The Louisiana law had survived the 5th Circuit Court of Appeal, which said that the Louisiana law was different from the Texas law.   Then the District Court found on rehearing that the Louisiana law unconstitutional because of Whole Woman’s Health.   In February the SCOTUS told Louisiana not to enforce the law.  Soon after, in early March, Sen. Schumer threatened the Justices in regard to this case.  HERE

Did the law (requiring doctors to have admitting privileges at a hospital within 30 miles) impose an undue burden on women seeking abortions (cf Casey)?  In Louisiana the court said that it would: if there is an emergency, whether a doctor has admitting privileges or not, women must still be admitted at a hospital emergency room under federal law if you get them to the hospital.   However, the number of abortion clinics dropped because of Act 620, which was used also to argue from Casey against the Act.

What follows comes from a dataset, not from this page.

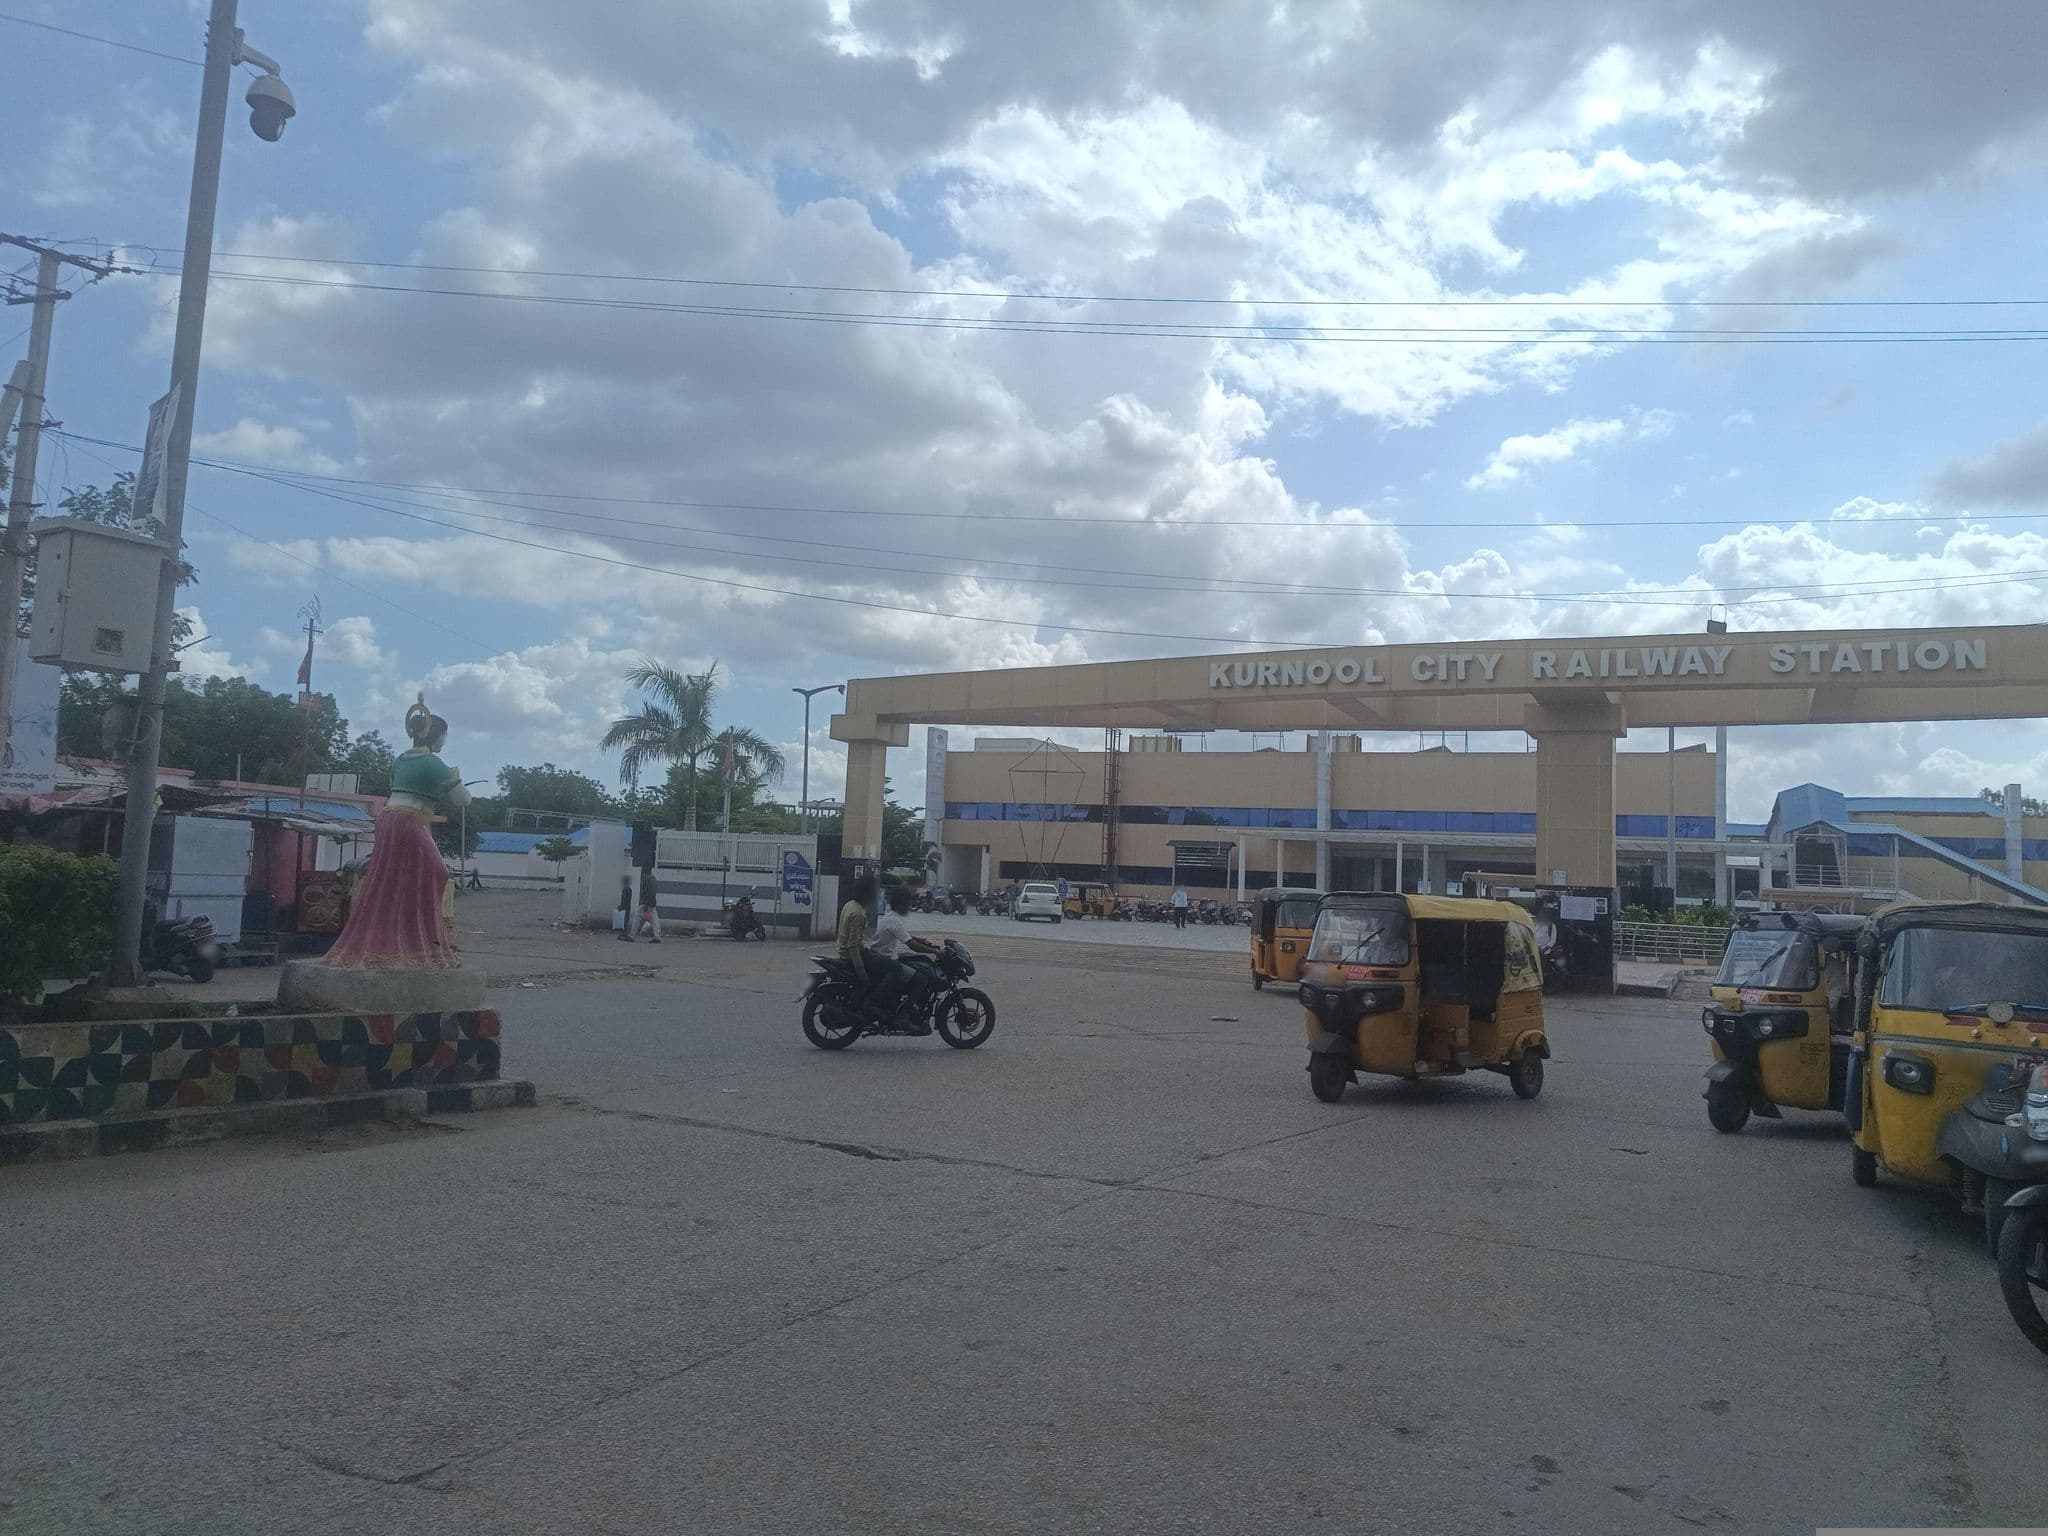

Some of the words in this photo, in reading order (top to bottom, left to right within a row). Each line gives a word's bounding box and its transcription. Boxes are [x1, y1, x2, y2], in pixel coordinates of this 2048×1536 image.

Roberts dissented when SCOTUS struck down the virtually identical Texas law.     This time, however, he swung around to the libs and voted to strike down the Louisiana law because of stare decisis.   He included a long explanation of stare decisis in the separate, concurring opinion he filed.  He said that SCOTUS overturned the Texas law in Whole Woman’s Health because it applied Casey.  Soooo… Roberts now says:

Under principles of stare decisis, I agree with the plurality that the determination in Whole Woman’s Health that Texas’s law imposed a substantial obstacle requires the same determination about Louisiana’s law. Under those same principles, I would adhere to the holding of Casey, requiring a substantial obstacle before striking down an abortion regulation.

[…]

Stare decisis instructs us to treat like cases alike. The result in this case is controlled by our decision four years ago invalidating a nearly identical Texas law. The Louisiana law burdens women seeking previability abortions to the same extent as the Texas law, according to factual findings that are not clearly erroneous. For that reason, I concur in the judgment of the Court that the Louisiana law is unconstitutional

 

Justice Thomas, dissenting, wrote:

Today a majority of the Court perpetuates its ill-founded abortion jurisprudence by enjoining a perfectly legitimate state law and doing so without jurisdiction. As is often the case with legal challenges to abortion regulations, this suit was brought by abortionists and abortion clinics. Their sole claim before this Court is that Louisiana’s law violates the purported substantive due process right of a woman to abort her unborn child. But they concede that this right does not belong to them, and they seek to vindicate no private rights of their own. Under a proper understanding of Article III, these plaintiffs lack standing to invoke our jurisdiction.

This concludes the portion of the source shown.